What appears in the data must be reproduced exactly.

> **Dataset entries**
-*-
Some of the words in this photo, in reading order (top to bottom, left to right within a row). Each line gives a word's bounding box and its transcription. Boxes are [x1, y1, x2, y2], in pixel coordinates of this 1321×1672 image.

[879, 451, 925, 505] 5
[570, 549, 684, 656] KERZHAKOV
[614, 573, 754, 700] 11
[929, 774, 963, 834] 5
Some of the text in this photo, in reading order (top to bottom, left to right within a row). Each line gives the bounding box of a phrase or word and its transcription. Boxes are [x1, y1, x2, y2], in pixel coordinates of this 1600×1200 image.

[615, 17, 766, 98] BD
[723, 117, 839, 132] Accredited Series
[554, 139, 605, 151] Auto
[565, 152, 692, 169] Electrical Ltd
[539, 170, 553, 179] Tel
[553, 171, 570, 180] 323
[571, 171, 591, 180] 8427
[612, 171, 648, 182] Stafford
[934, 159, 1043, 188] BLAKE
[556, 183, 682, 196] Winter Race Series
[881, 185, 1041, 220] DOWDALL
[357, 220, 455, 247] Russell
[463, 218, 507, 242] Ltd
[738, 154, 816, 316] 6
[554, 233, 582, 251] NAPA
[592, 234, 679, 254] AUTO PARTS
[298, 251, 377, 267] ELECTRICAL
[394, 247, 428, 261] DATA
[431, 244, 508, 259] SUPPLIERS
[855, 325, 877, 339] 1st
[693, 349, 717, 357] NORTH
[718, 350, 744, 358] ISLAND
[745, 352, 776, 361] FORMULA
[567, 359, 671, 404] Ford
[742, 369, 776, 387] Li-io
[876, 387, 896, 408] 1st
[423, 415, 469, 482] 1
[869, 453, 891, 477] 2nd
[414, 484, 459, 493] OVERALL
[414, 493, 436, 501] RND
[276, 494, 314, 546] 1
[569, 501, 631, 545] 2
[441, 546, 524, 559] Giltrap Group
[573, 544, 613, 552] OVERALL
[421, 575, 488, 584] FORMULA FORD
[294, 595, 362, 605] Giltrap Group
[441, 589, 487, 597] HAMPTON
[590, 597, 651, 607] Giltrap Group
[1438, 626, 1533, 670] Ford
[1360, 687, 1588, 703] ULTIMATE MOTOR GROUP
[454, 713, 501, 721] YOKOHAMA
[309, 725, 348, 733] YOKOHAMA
-*-
> **Your solution**
Some of the words in this photo, in reading order (top to bottom, left to right within a row). Each line gives a word's bounding box and its transcription. Boxes are [x1, y1, x2, y2], in pixel coordinates of this 1321×1672 image.

[879, 451, 925, 505] 5
[570, 549, 684, 656] KERZHAKOV
[614, 573, 754, 700] 11
[929, 774, 963, 834] 5
Some of the text in this photo, in reading order (top to bottom, left to right within a row). Each line gives the bounding box of a phrase or word and its transcription. Boxes are [x1, y1, x2, y2], in pixel coordinates of this 1600×1200 image.

[615, 17, 766, 98] BD
[723, 117, 839, 132] Accredited Series
[554, 139, 605, 151] Auto
[565, 152, 692, 169] Electrical Ltd
[539, 170, 553, 179] Tel
[553, 171, 570, 180] 323
[571, 171, 591, 180] 8427
[612, 171, 648, 182] Stafford
[934, 159, 1043, 188] BLAKE
[556, 183, 682, 196] Winter Race Series
[881, 185, 1041, 220] DOWDALL
[357, 220, 455, 247] Russell
[463, 218, 507, 242] Ltd
[738, 154, 816, 316] 6
[554, 233, 582, 251] NAPA
[592, 234, 679, 254] AUTO PARTS
[298, 251, 377, 267] ELECTRICAL
[394, 247, 428, 261] DATA
[431, 244, 508, 259] SUPPLIERS
[855, 325, 877, 339] 1st
[693, 349, 717, 357] NORTH
[718, 350, 744, 358] ISLAND
[745, 352, 776, 361] FORMULA
[567, 359, 671, 404] Ford
[742, 369, 776, 387] Li-io
[876, 387, 896, 408] 1st
[423, 415, 469, 482] 1
[869, 453, 891, 477] 2nd
[414, 484, 459, 493] OVERALL
[414, 493, 436, 501] RND
[276, 494, 314, 546] 1
[569, 501, 631, 545] 2
[441, 546, 524, 559] Giltrap Group
[573, 544, 613, 552] OVERALL
[421, 575, 488, 584] FORMULA FORD
[294, 595, 362, 605] Giltrap Group
[441, 589, 487, 597] HAMPTON
[590, 597, 651, 607] Giltrap Group
[1438, 626, 1533, 670] Ford
[1360, 687, 1588, 703] ULTIMATE MOTOR GROUP
[454, 713, 501, 721] YOKOHAMA
[309, 725, 348, 733] YOKOHAMA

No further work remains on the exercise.